**What is being asked:** Everything in the records except the pictures should come back exactly as written.

**Given entries:**

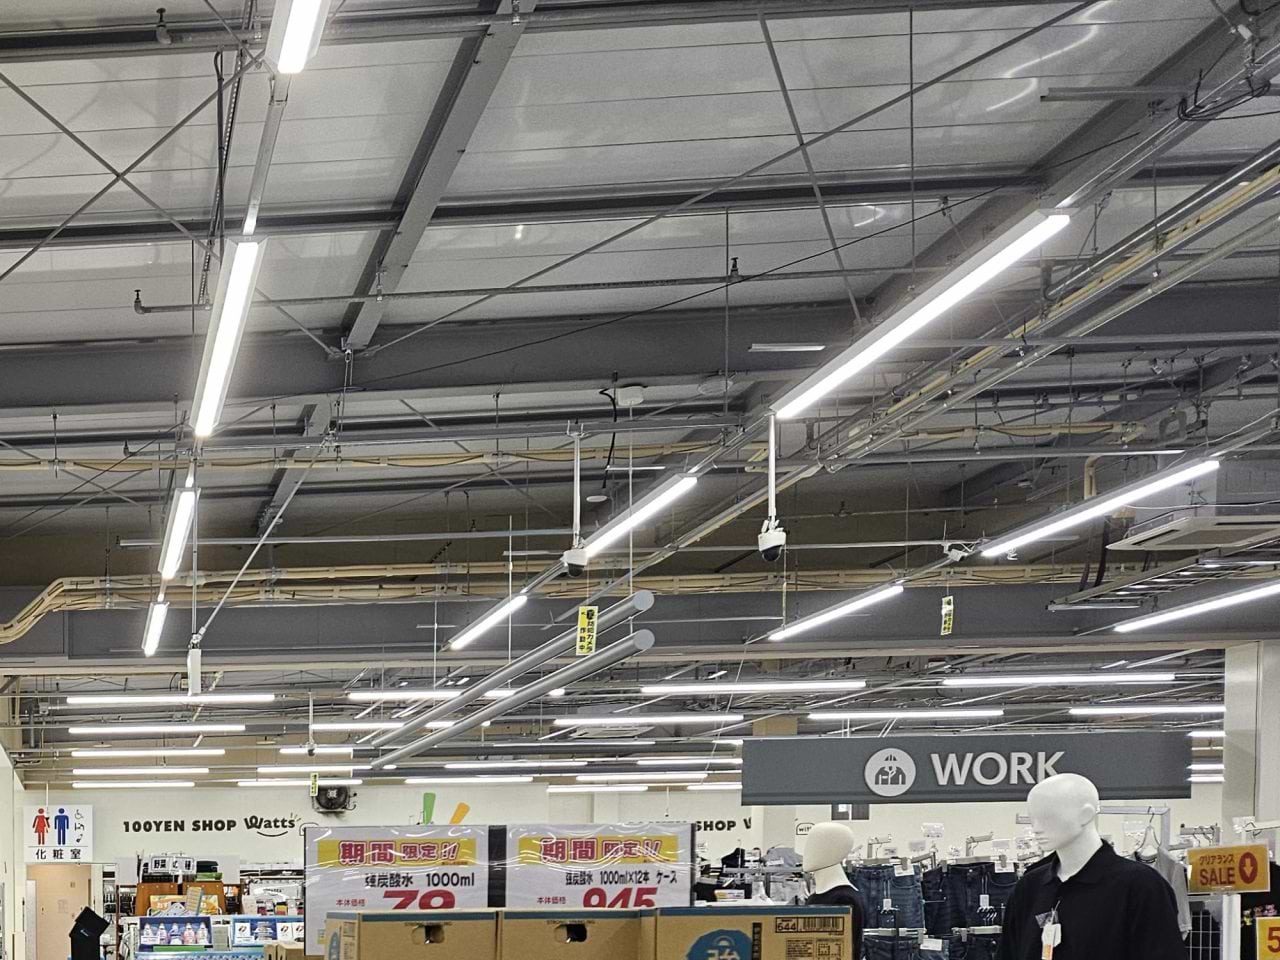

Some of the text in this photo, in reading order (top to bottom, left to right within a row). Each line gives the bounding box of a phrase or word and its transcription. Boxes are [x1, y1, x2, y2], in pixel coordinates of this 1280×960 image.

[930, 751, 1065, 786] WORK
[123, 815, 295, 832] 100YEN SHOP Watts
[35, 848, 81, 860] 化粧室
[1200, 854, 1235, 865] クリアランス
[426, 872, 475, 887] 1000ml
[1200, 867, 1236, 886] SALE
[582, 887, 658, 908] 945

**Exercise solution:**
Some of the text in this photo, in reading order (top to bottom, left to right within a row). Each line gives the bounding box of a phrase or word and its transcription. Boxes are [x1, y1, x2, y2], in pixel coordinates of this 1280×960 image.

[930, 751, 1065, 786] WORK
[123, 815, 295, 832] 100YEN SHOP Watts
[35, 848, 81, 860] 化粧室
[1200, 854, 1235, 865] クリアランス
[426, 872, 475, 887] 1000ml
[1200, 867, 1236, 886] SALE
[582, 887, 658, 908] 945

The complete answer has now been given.